§ PROBLEM
Set down each record exactly. Omit the pictures.

§ DATA SHOWN
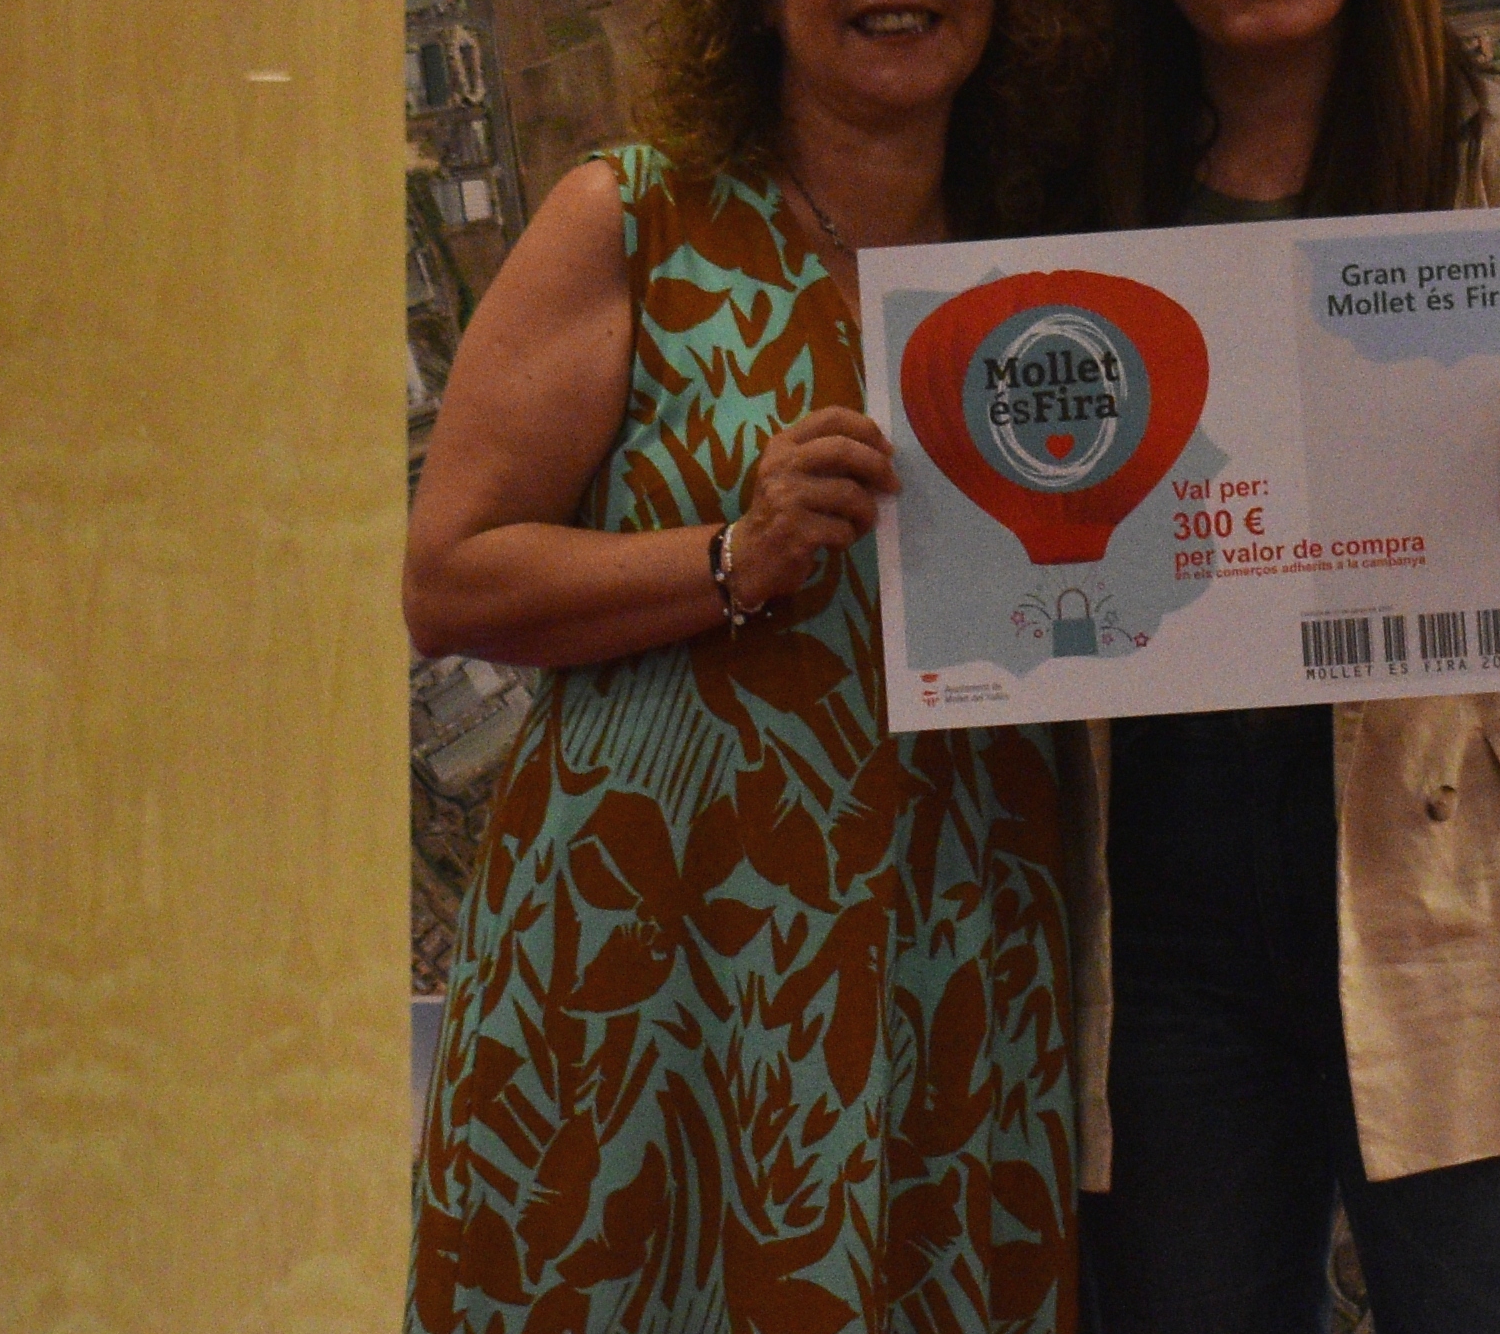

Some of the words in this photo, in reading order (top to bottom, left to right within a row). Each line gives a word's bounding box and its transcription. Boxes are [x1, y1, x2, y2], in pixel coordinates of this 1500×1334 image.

[1341, 264, 1406, 287] Gran
[1418, 255, 1497, 288] premi
[1328, 290, 1415, 316] Mollet
[1427, 286, 1455, 310] és
[983, 350, 1120, 389] Mollet
[989, 386, 1119, 426] ésFira
[1171, 478, 1210, 500] Val
[1220, 480, 1269, 503] per:
[1173, 509, 1233, 541] 300
[1244, 507, 1265, 535] €
[1175, 549, 1215, 572] per
[1222, 542, 1285, 564] valor
[1293, 538, 1323, 559] de
[1331, 536, 1425, 558] compra
[1306, 665, 1372, 680] MOLLET
[1388, 662, 1409, 675] ES
[1423, 658, 1467, 673] FIRA
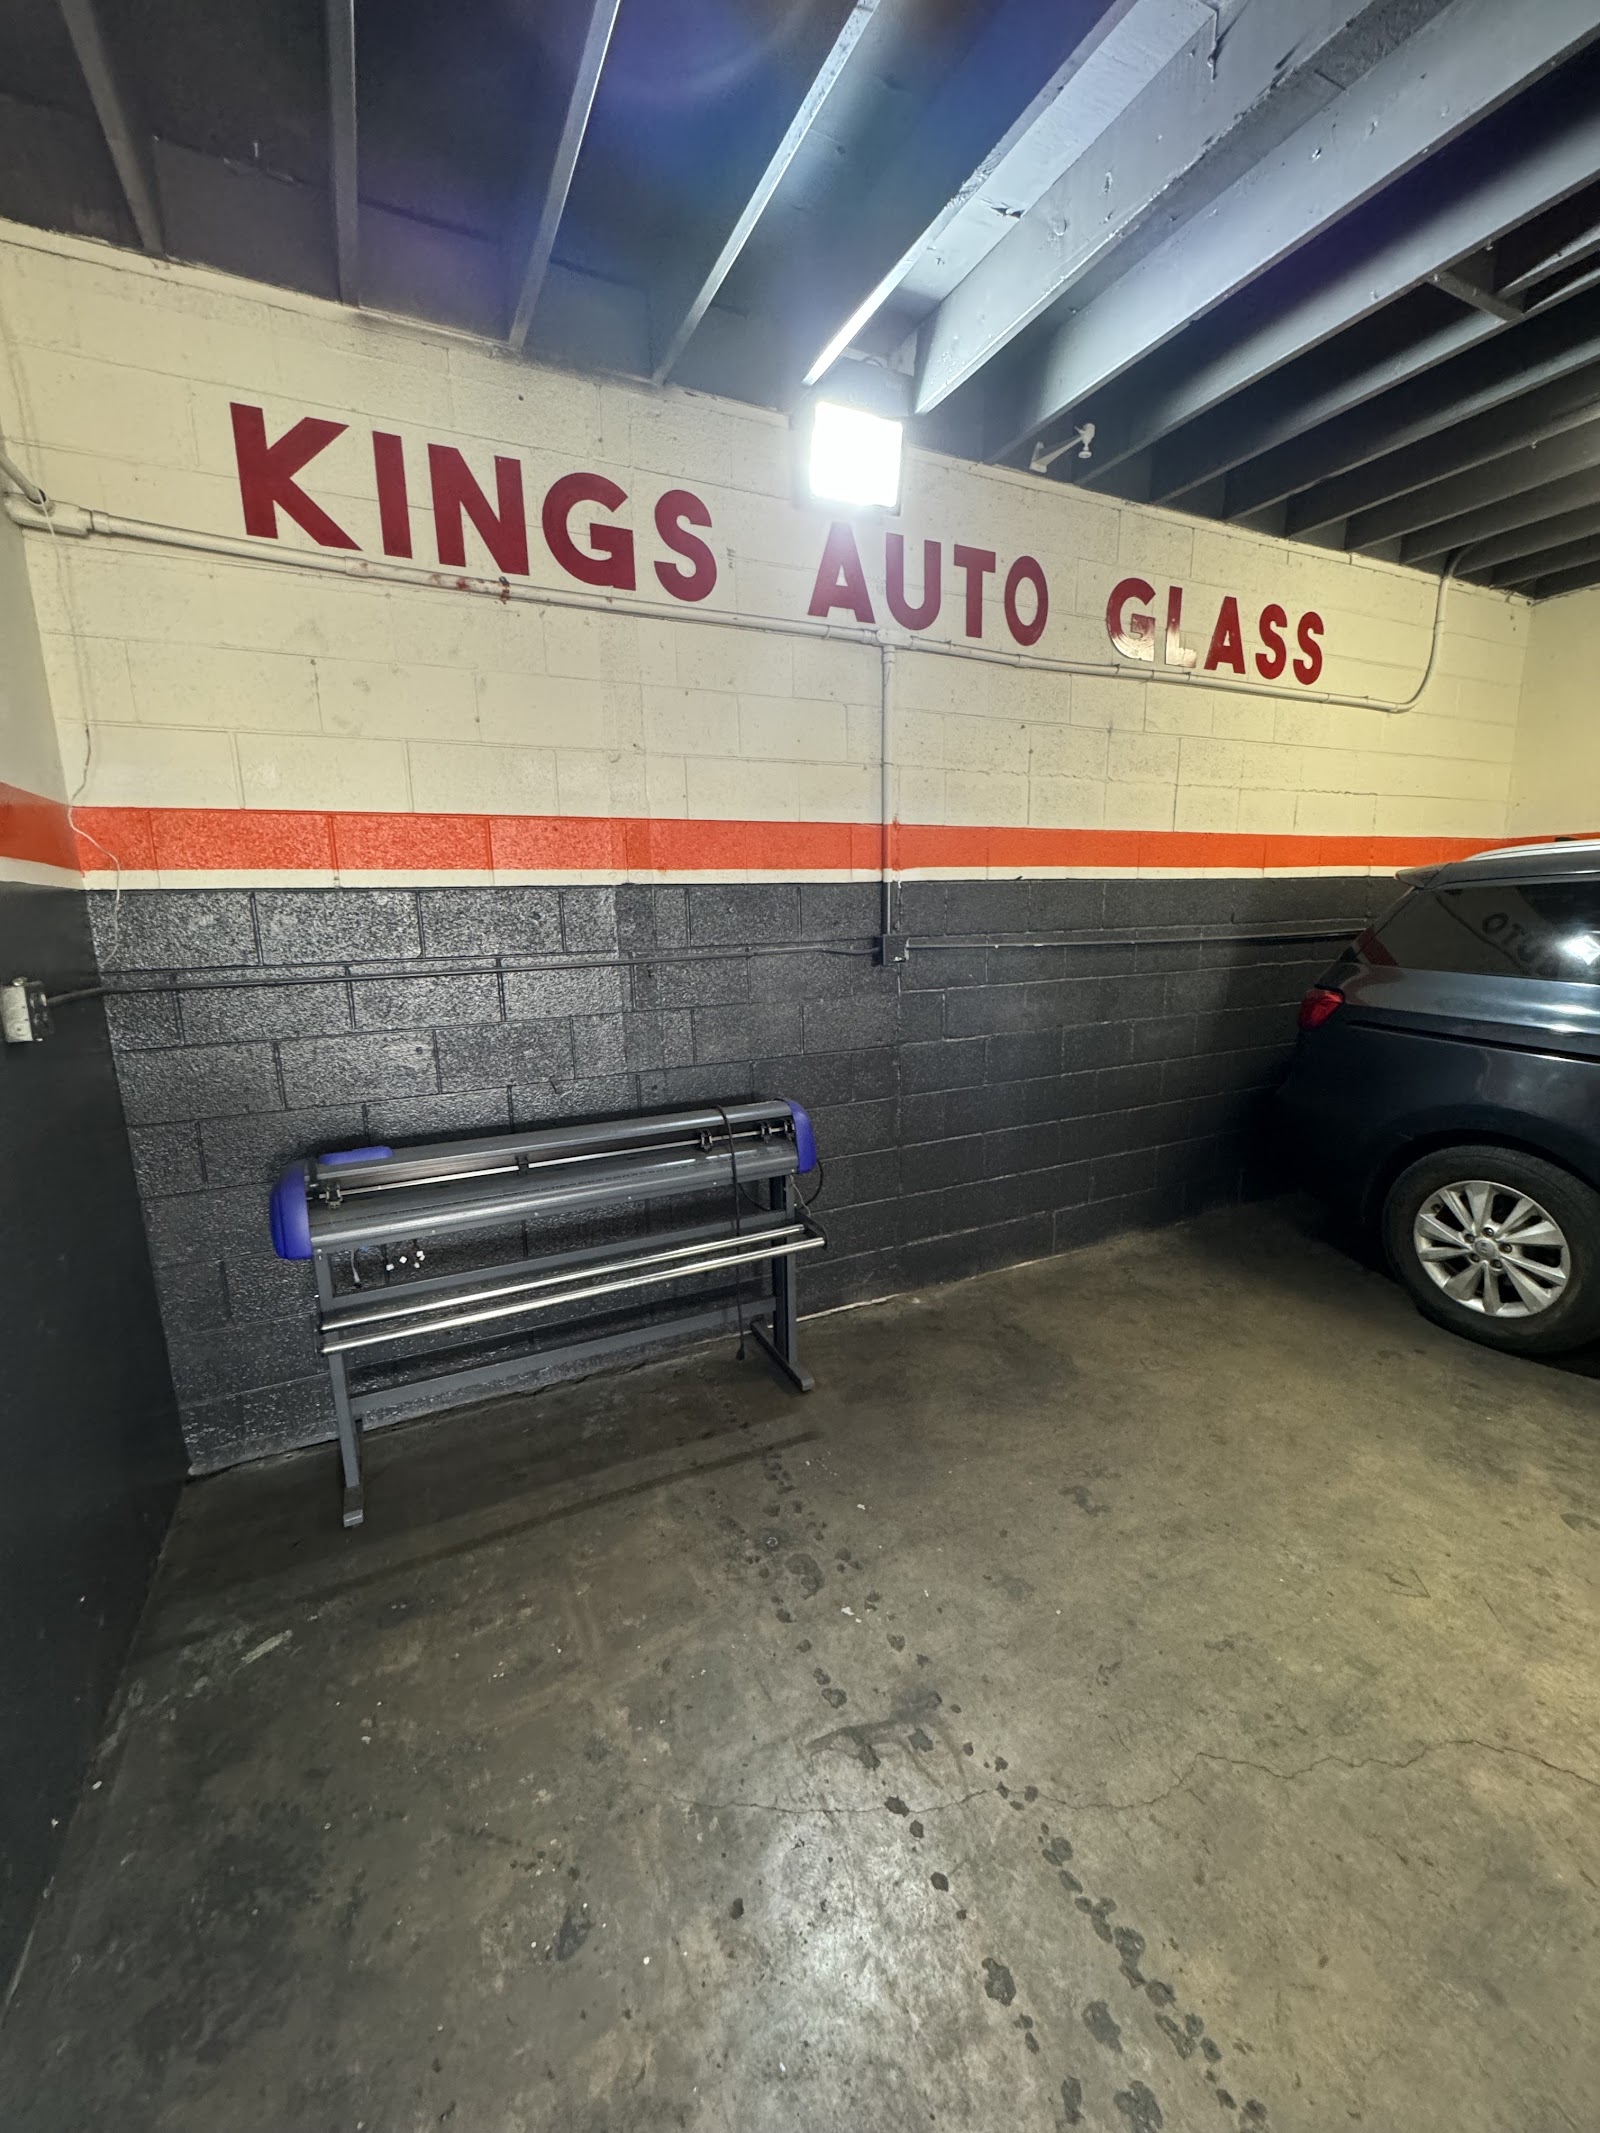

§ WRITTEN RESPONSE
Some of the words in this photo, in reading order (top to bottom, left to right within a row). Each line gives a word's bounding box and its transcription. Boxes are [x1, y1, x2, y2], in pixel coordinates of this 1500×1334 image.

[1341, 264, 1406, 287] Gran
[1418, 255, 1497, 288] premi
[1328, 290, 1415, 316] Mollet
[1427, 286, 1455, 310] és
[983, 350, 1120, 389] Mollet
[989, 386, 1119, 426] ésFira
[1171, 478, 1210, 500] Val
[1220, 480, 1269, 503] per:
[1173, 509, 1233, 541] 300
[1244, 507, 1265, 535] €
[1175, 549, 1215, 572] per
[1222, 542, 1285, 564] valor
[1293, 538, 1323, 559] de
[1331, 536, 1425, 558] compra
[1306, 665, 1372, 680] MOLLET
[1388, 662, 1409, 675] ES
[1423, 658, 1467, 673] FIRA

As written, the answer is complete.